--- EXCERPTED RECORDS Enclosed Below ---

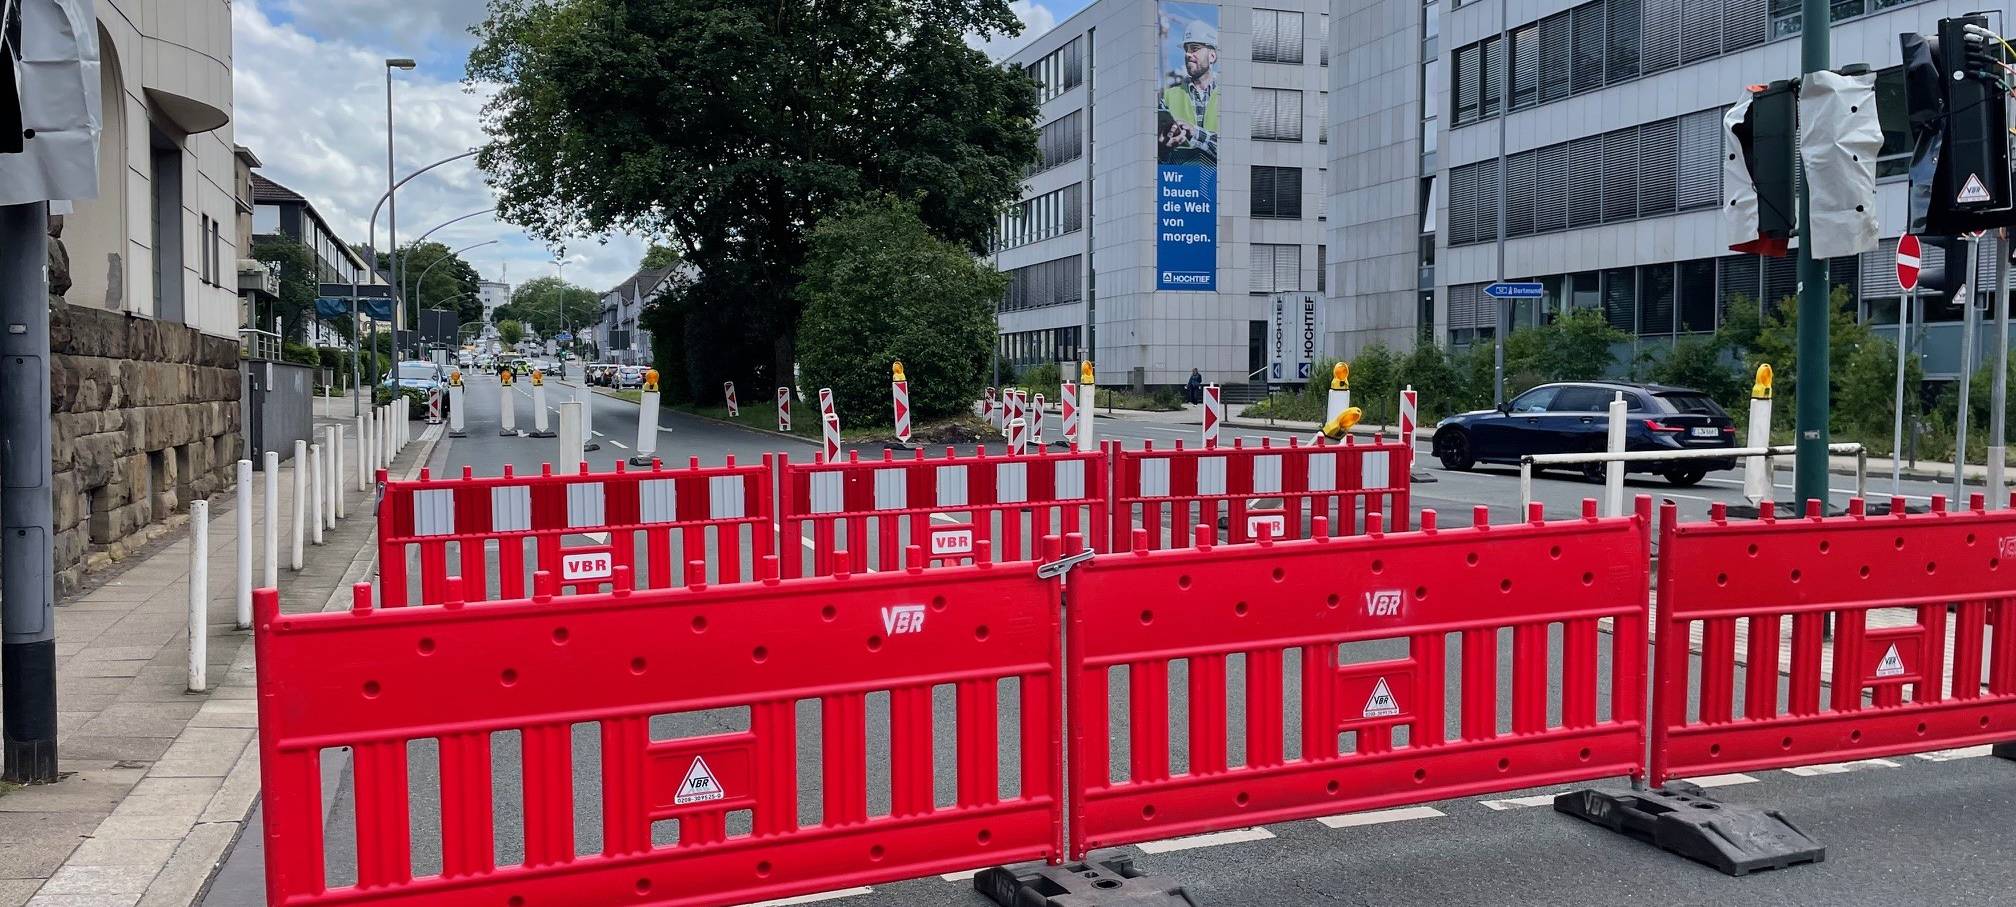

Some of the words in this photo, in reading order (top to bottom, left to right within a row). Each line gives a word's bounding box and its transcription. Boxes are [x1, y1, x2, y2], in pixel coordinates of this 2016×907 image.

[1163, 171, 1184, 182] Wir
[1163, 186, 1199, 198] bauen
[1163, 201, 1181, 212] die
[1184, 202, 1210, 213] Welt
[1163, 218, 1184, 227] von
[1163, 233, 1211, 245] morgen.
[1173, 275, 1210, 283] HOCHTIEF
[1304, 296, 1314, 359] HOCHTIEF
[1252, 521, 1281, 532] VR
[936, 536, 968, 548] VBR
[568, 559, 607, 573] VBR
[1365, 590, 1402, 617] VBR
[881, 605, 926, 638] VBR
[1373, 695, 1389, 705] VBR
[689, 776, 710, 789] VBR
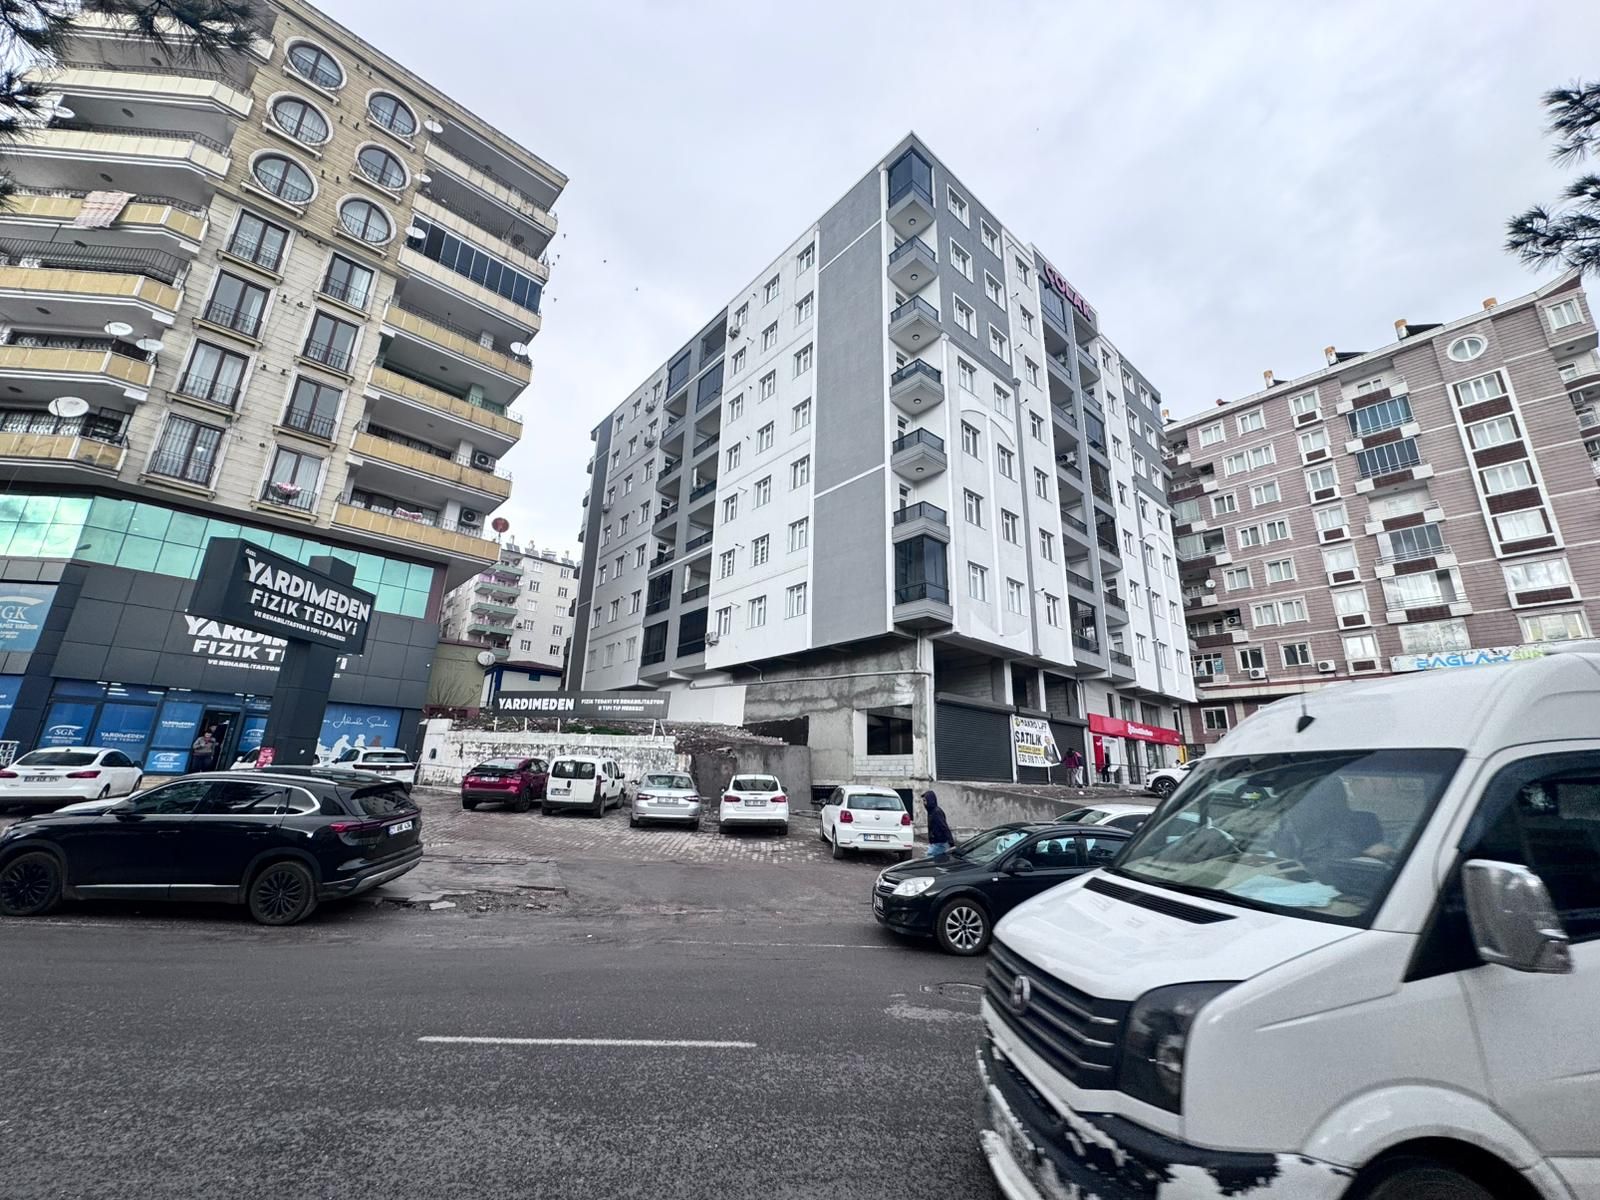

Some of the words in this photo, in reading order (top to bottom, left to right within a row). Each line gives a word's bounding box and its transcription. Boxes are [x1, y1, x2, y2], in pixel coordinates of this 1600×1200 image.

[247, 557, 371, 623] YARDIMEDEN
[254, 610, 261, 618] VE
[498, 698, 574, 711] YARDIMEDEN
[1015, 730, 1042, 747] SATILIK
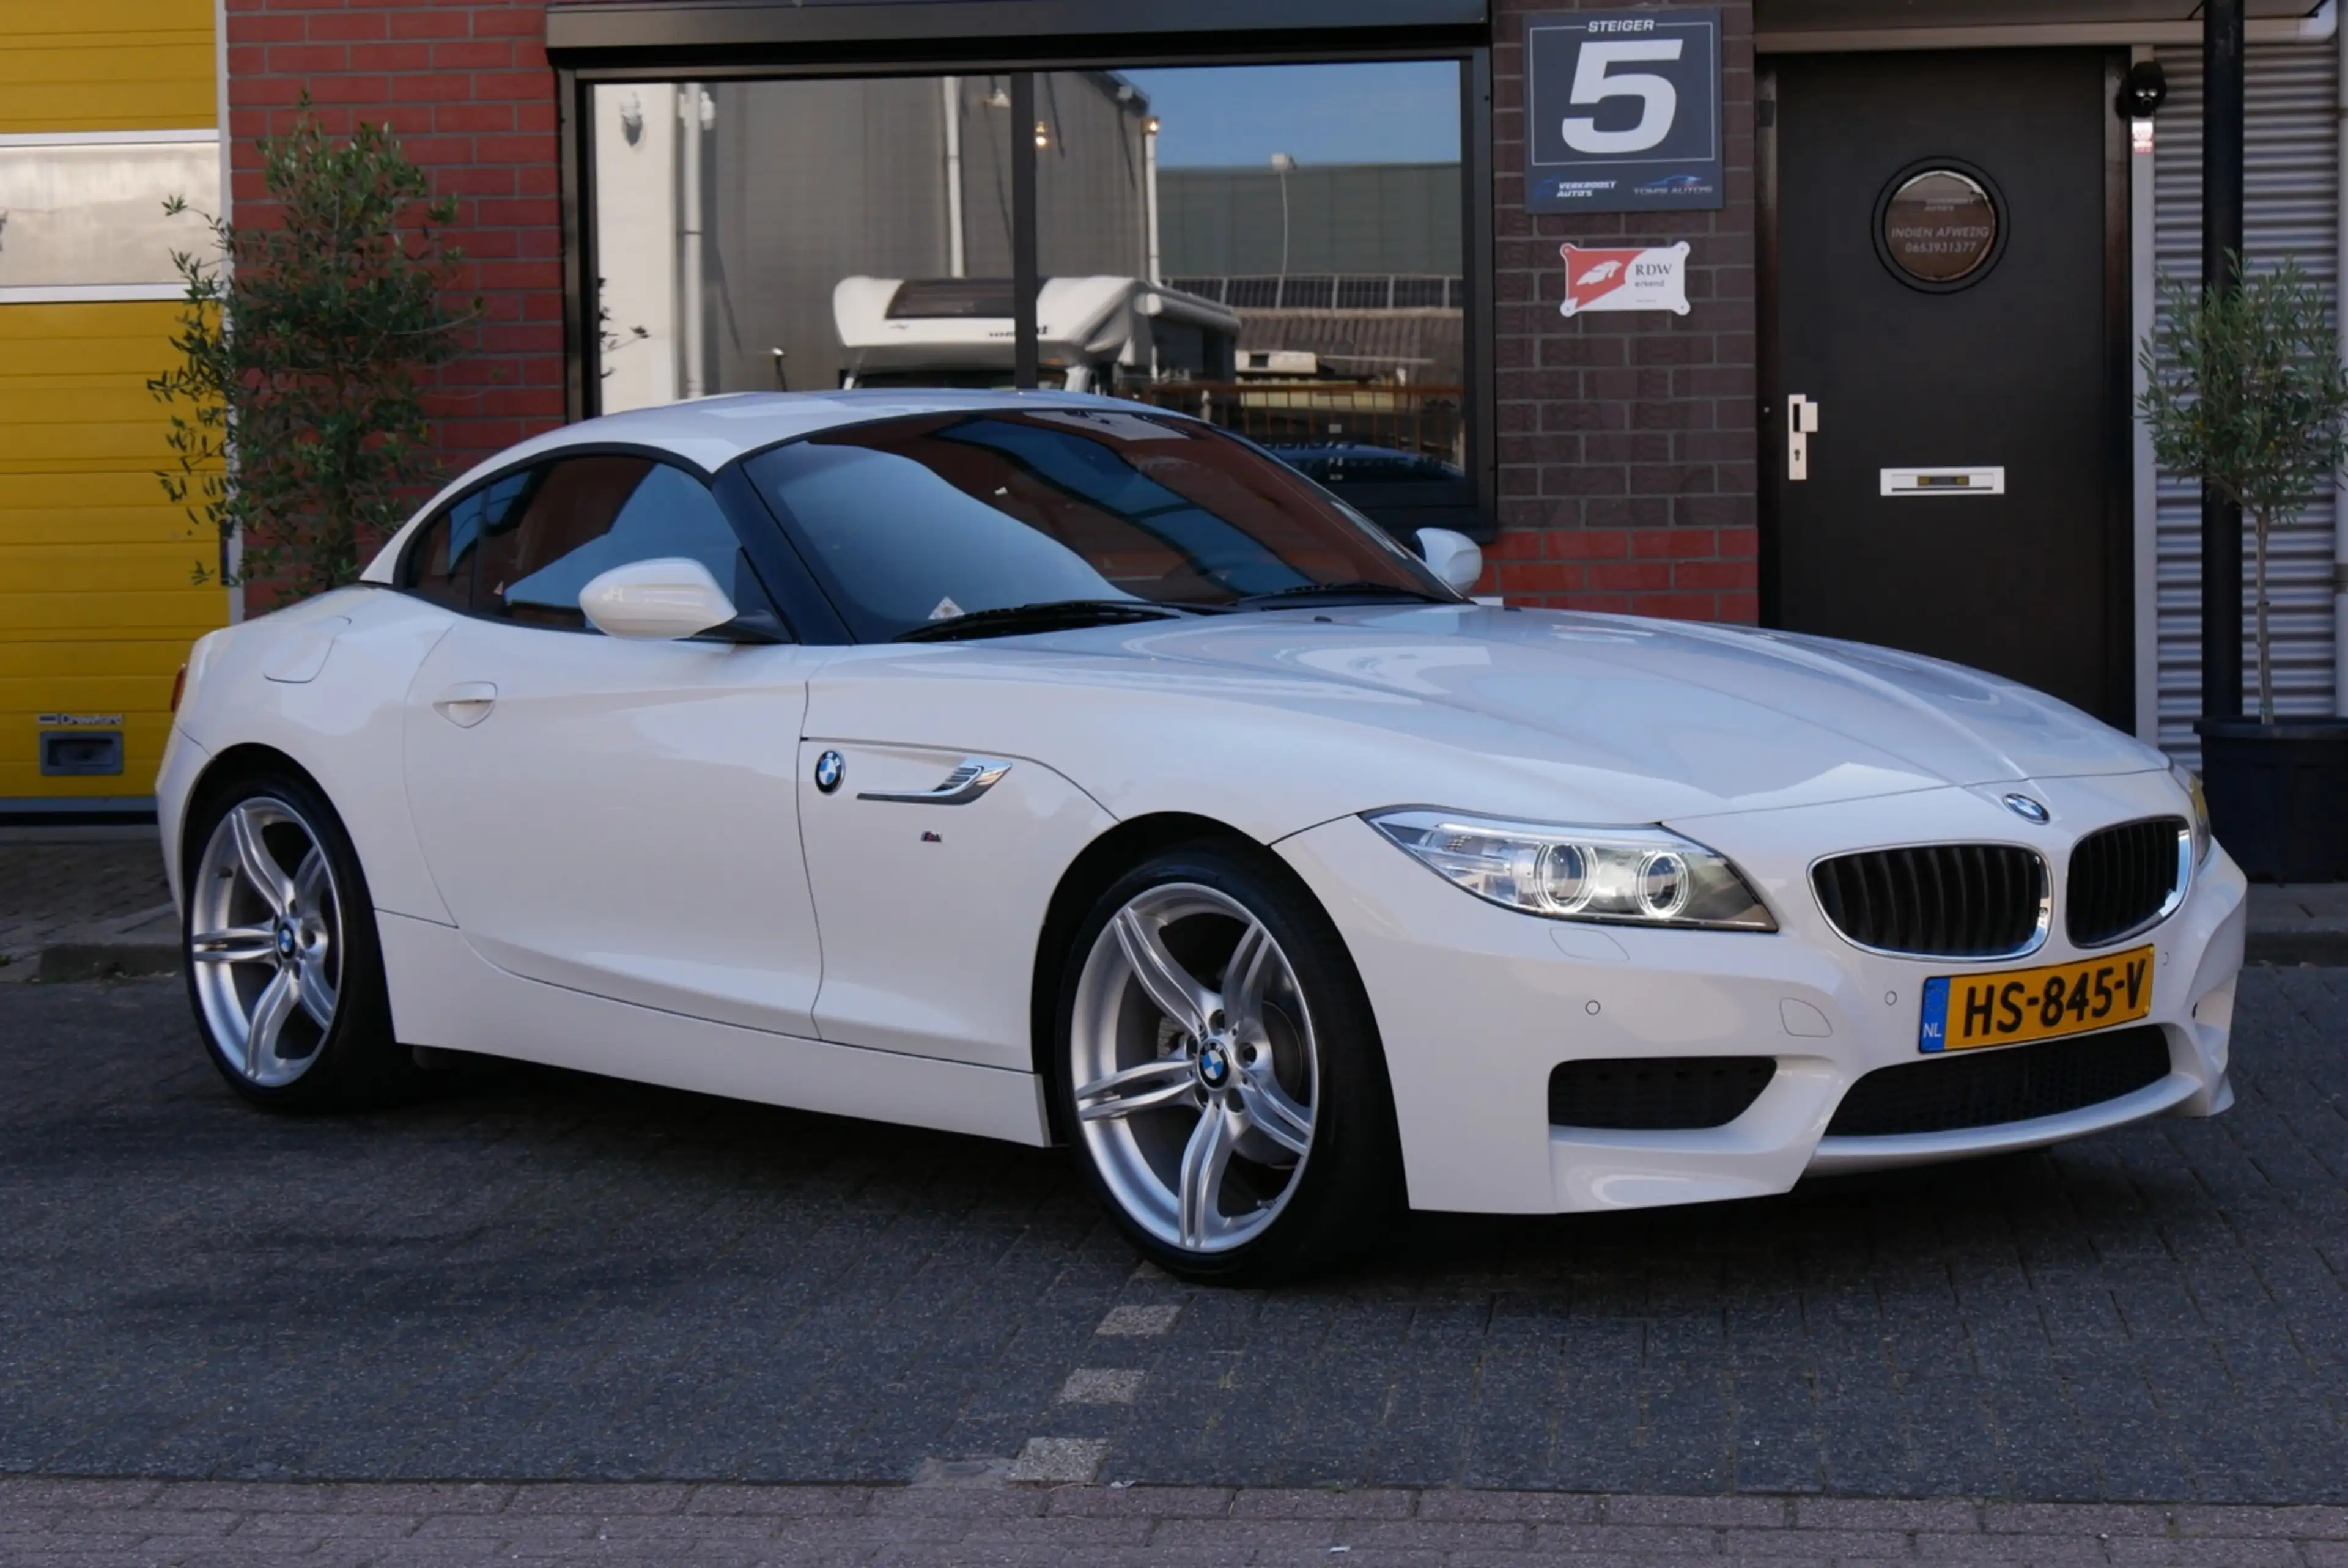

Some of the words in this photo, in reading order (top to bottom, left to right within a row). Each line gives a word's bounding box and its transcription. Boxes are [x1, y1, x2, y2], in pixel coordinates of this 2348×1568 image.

[1588, 20, 1655, 32] STEIGER
[1562, 39, 1683, 153] 5
[1891, 227, 1933, 238] INDIEN
[1936, 226, 1989, 238] AFWEZIG
[1635, 263, 1672, 276] RDW
[1963, 959, 2146, 1037] HS-845-V
[1923, 1023, 1941, 1038] NL

--- End of Enclosed EXCERPTED RECORDS ---

** REQUIRED WORK **
Now write out the data word for word, skipping every picture in it.

** SOLUTION TO THIS EXERCISE **
Some of the words in this photo, in reading order (top to bottom, left to right within a row). Each line gives a word's bounding box and its transcription. Boxes are [x1, y1, x2, y2], in pixel coordinates of this 2016×907 image.

[1163, 171, 1184, 182] Wir
[1163, 186, 1199, 198] bauen
[1163, 201, 1181, 212] die
[1184, 202, 1210, 213] Welt
[1163, 218, 1184, 227] von
[1163, 233, 1211, 245] morgen.
[1173, 275, 1210, 283] HOCHTIEF
[1304, 296, 1314, 359] HOCHTIEF
[1252, 521, 1281, 532] VR
[936, 536, 968, 548] VBR
[568, 559, 607, 573] VBR
[1365, 590, 1402, 617] VBR
[881, 605, 926, 638] VBR
[1373, 695, 1389, 705] VBR
[689, 776, 710, 789] VBR

Some of the words in this photo, in reading order (top to bottom, left to right within a row). Each line gives a word's bounding box and its transcription. Boxes are [x1, y1, x2, y2], in pixel coordinates of this 1600×1200 image.

[247, 557, 371, 623] YARDIMEDEN
[254, 610, 261, 618] VE
[498, 698, 574, 711] YARDIMEDEN
[1015, 730, 1042, 747] SATILIK

Some of the words in this photo, in reading order (top to bottom, left to right within a row). Each line gives a word's bounding box and its transcription. Boxes are [x1, y1, x2, y2], in pixel coordinates of this 2348×1568 image.

[1588, 20, 1655, 32] STEIGER
[1562, 39, 1683, 153] 5
[1891, 227, 1933, 238] INDIEN
[1936, 226, 1989, 238] AFWEZIG
[1635, 263, 1672, 276] RDW
[1963, 959, 2146, 1037] HS-845-V
[1923, 1023, 1941, 1038] NL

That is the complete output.